When Innovation Saves Lives – Now Is the Time

March 24, 2020

Gosh, you’d think that after 25+ years in tech, nothing would surprise me. You’d think, after the smartphone, after autonomous vehicles, after consumer drones, for goodness sake, I’d barely flinch when new inventions burst upon the scene.

But it’s not true. I’m amazed all the time. It’s one of the reasons I love what I do. But then, every once in a while, an innovation and an acute need intersect, and I get inspired.

When coronavirus introduced itself to all of us, and the rules of just about everything changed. I recently wrote about the wonderful opportunity we all have, how we can look at this pandemic—that has forced us all inside and away from each other—as a catalyst for creativity and development of new perspectives.

And now, with all those years of communicating on behalf of cutting-edge technologies behind me, this virus/disease is taking huge chunks out of the Dow Jones Industrial Average, my own personal savings and, yes, my ability to go to the gym.

And yet, I find myself nothing short of inspired.

I’ll explain …

Sitting here in my makeshift office in a corner of my bedroom, I have no fewer than 10 members of my team communicating today on behalf of Israel-based companies that are front-and-center in the global effort to bring down this pandemic.

One of them, EarlySense, has a technology that is protecting medical workers—yes, like all of those wonderful people whose photos we’ve seen, bruised by masks they’ve had to wear—from their patients’ possible contamination. EarlySense is a remote, contact-free monitoring device, which helps physicians, nurses and other front-liners track from afar their patients’ heart rate, respiratory condition and other vital signs.  The ability to know how their patients are doing, and remain a bit further apart, is sparing them from running through now scarce disposables faster than needed.

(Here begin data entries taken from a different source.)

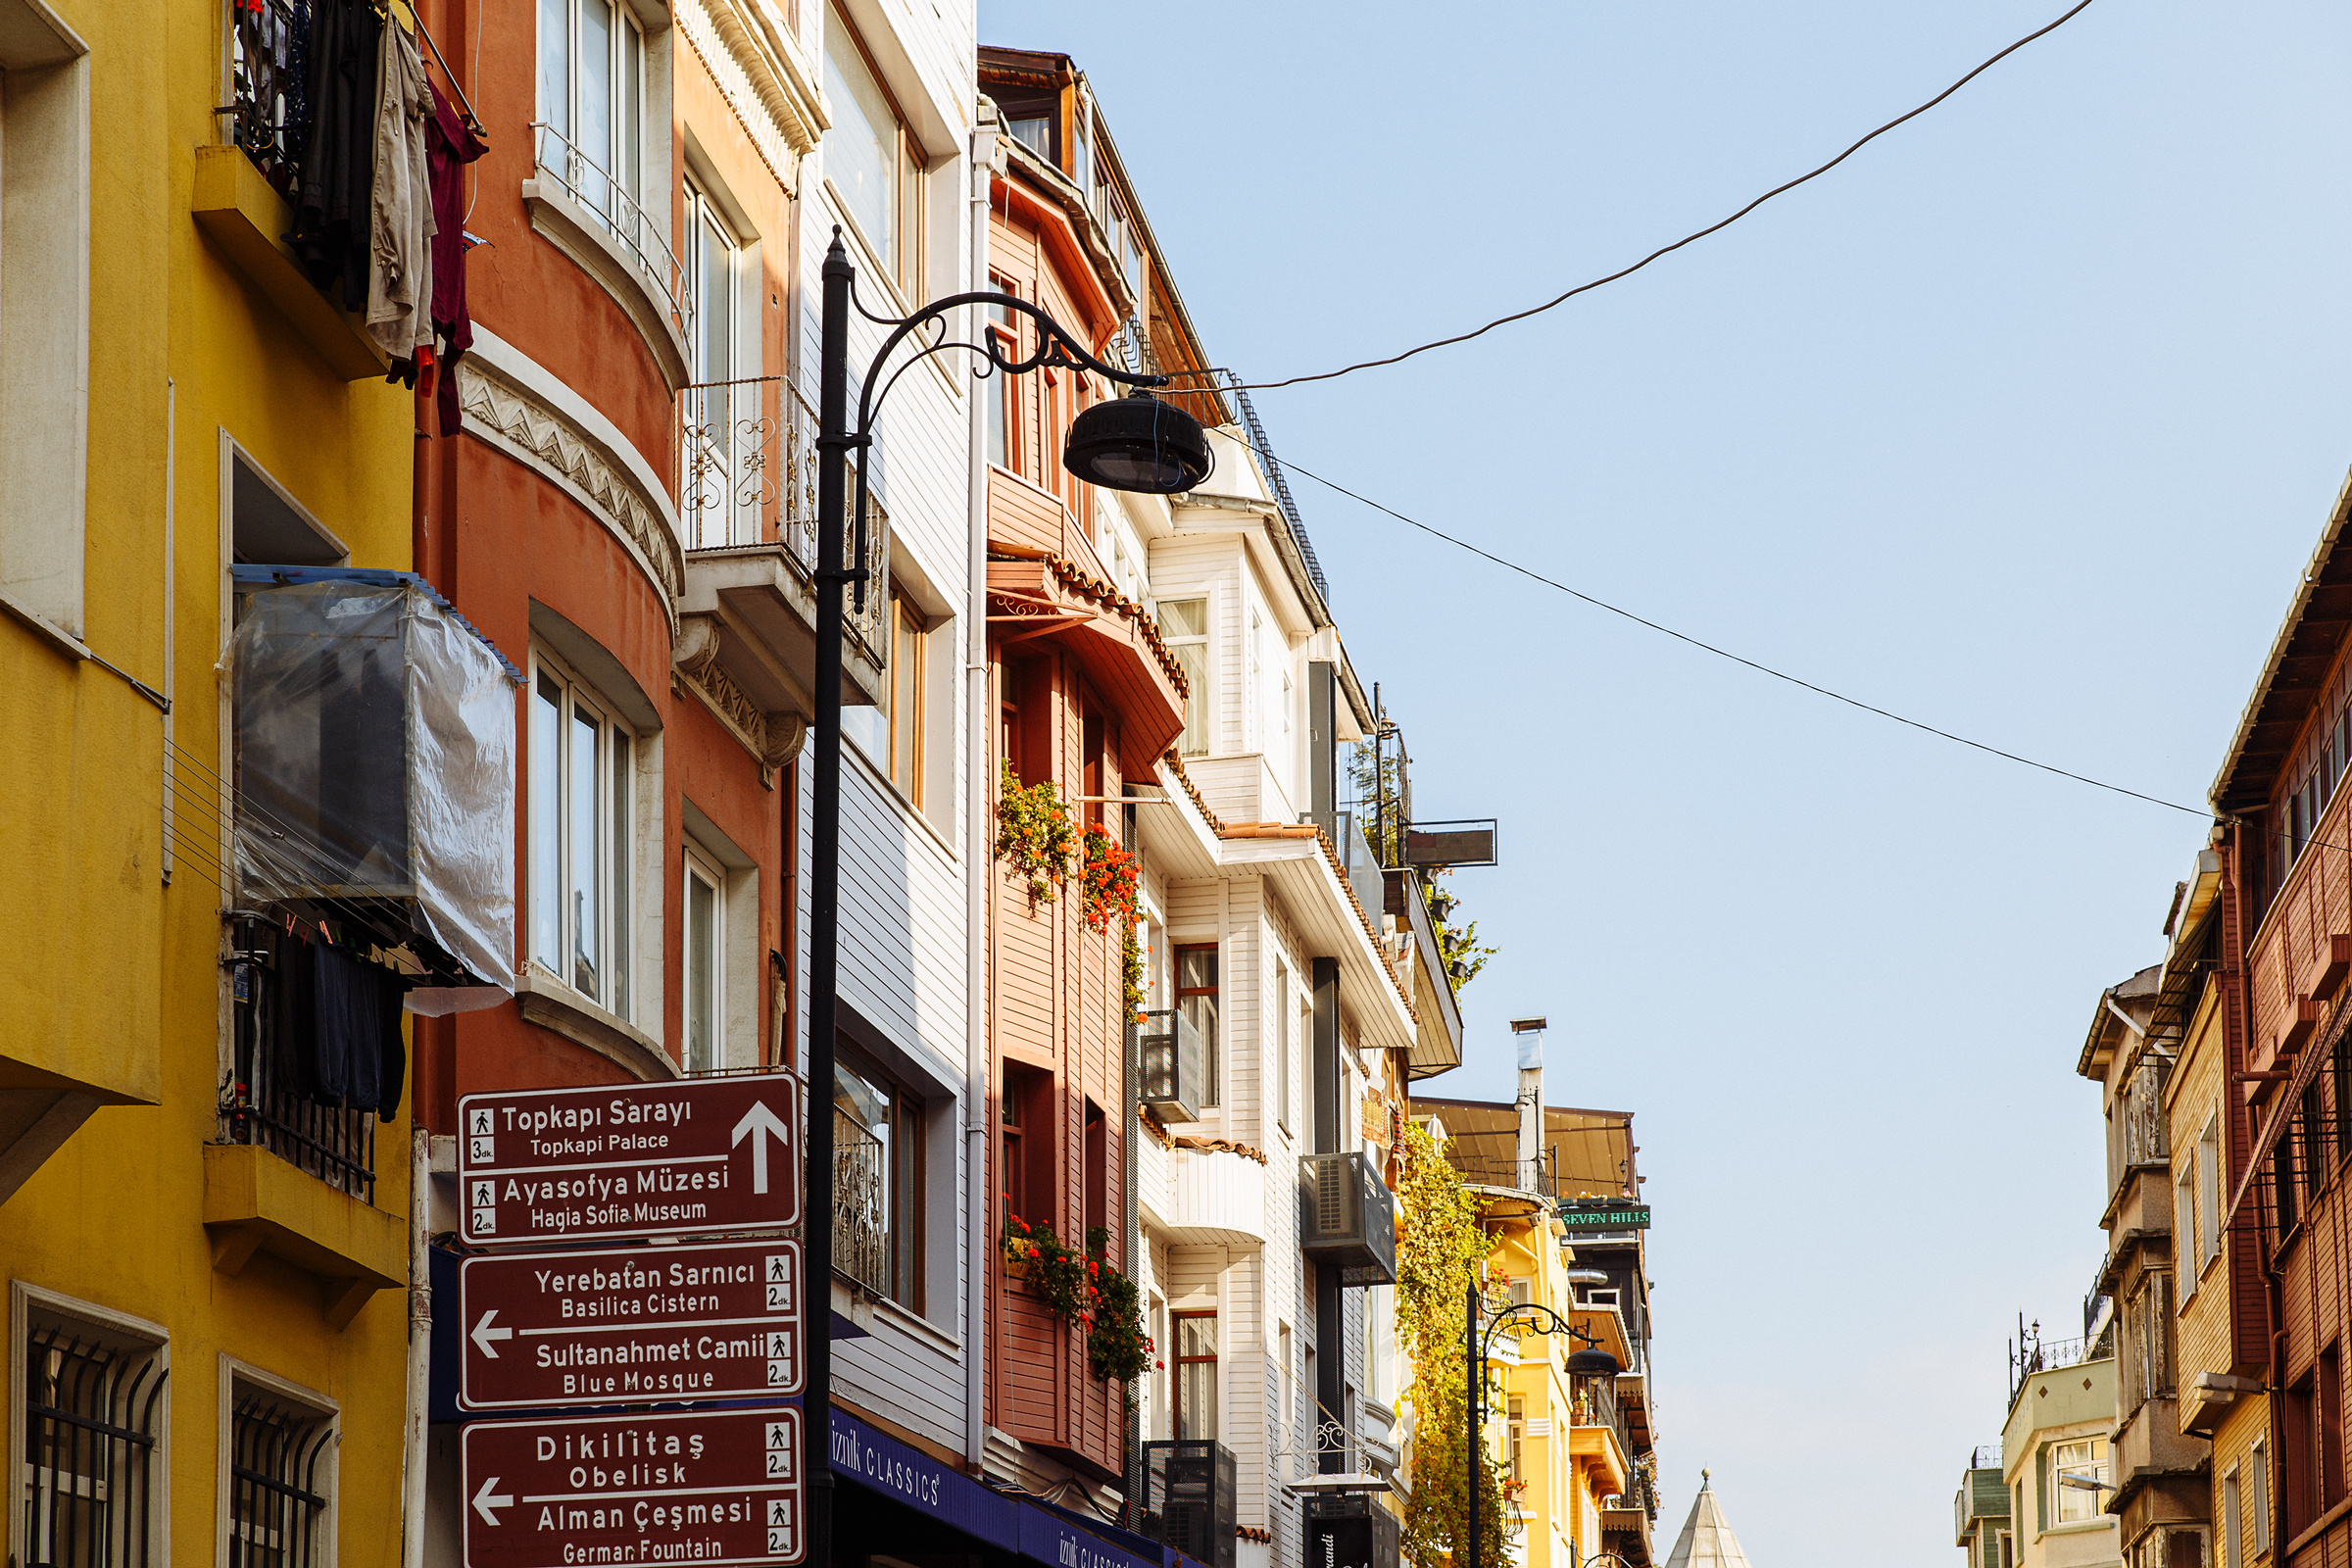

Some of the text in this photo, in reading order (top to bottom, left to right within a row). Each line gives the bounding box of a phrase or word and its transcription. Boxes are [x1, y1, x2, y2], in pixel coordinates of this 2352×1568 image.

[502, 1100, 691, 1136] Topkapı Sarayı
[530, 1133, 668, 1158] Topkapi Palace
[503, 1164, 728, 1206] Ayasofya Müzesi
[531, 1201, 707, 1234] Hagia Sofia Museum
[1562, 1211, 1649, 1225] SEVEN HILLS
[534, 1262, 755, 1294] Yerebatan Sarnıcı
[562, 1293, 719, 1318] Basilica Cistern
[536, 1333, 764, 1368] Sultanahmet Camii
[564, 1371, 713, 1395] Blue Mosque
[537, 1429, 705, 1461] Dikilitaş
[569, 1461, 686, 1489] Obelisk
[537, 1495, 751, 1533] Alman Çeşmesi
[564, 1538, 722, 1564] German Fountain

The second, Datos Health, is seemingly just a piece of software. And you’d think, “Well, how much can software do here?” It turns out, a lot, especially when you consider how precious each hospital bed is right now. Datos enables patients to record their conditions in an outpatient setting—yes, from home—so hospital beds can remain open and available for those people in more dire need of ongoing hospital services. By recording their condition updates, a coronavirus patient can keep physicians, nurses and other health practitioners 100% up-to-date without having to be admitted to the hospital.

A third, Belong. Life, is providing something that Tom Hanks specifically mentioned when he spoke about his original concept for Cast Away, a film in which his character finds himself alone on an island, with no food, no water, no shelter, no fire and no … companionship.

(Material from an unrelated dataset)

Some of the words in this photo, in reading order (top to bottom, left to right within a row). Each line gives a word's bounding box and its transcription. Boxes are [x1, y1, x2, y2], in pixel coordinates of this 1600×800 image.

Yes, companionship, right up there with food and water. (Sorry for the “ad,” but) Belong has created the world’s largest connected cancer community. The platform enables people who are confronting the disease access to medical information, clinical trials and community. And it turns out that community is as vital as information and trials. People have an innate need to connect with other people. So now, Belong has created a sub-community focused on cancer patients dealing with COVID-19. A reassuring idea, and just as meaningful to our world today as remote monitoring or patient management software.

All of these are amazing innovations, and they’re saving lives.

Of course, healthtech advances forward thanks to a successful real-world clinical setting use, and for that we must thank Sheba Medical Center, another Israeli innovator—a hospital system that is selecting continually the best a nation known globally for innovation has to offer by running trials and test implementations. That was the case here with both EarlySense and Datos. Sheba implemented them, it worked, and now US health care systems are doing the same.

It’s inspiring. It’s life-sustaining.  It’s healthtech that change lives and, at this complex time, offers hope.

Fortunately, communication is a crucial part of the health ecosystem. We must communicate how these innovations can impact the world with no less passion than those who do the innovating. It’s a privilege and an honor, and it is also a responsibility. One my team takes seriously.

Eventually, this global crisis will pass, the world will put the pieces back together, and we will move on to other things.

Until then, we communicators have a job to do. In addition to being inspired, we must inspire others to take action, innovate and implement solutions that will help us recover—individually and as a global community—as quickly as possible.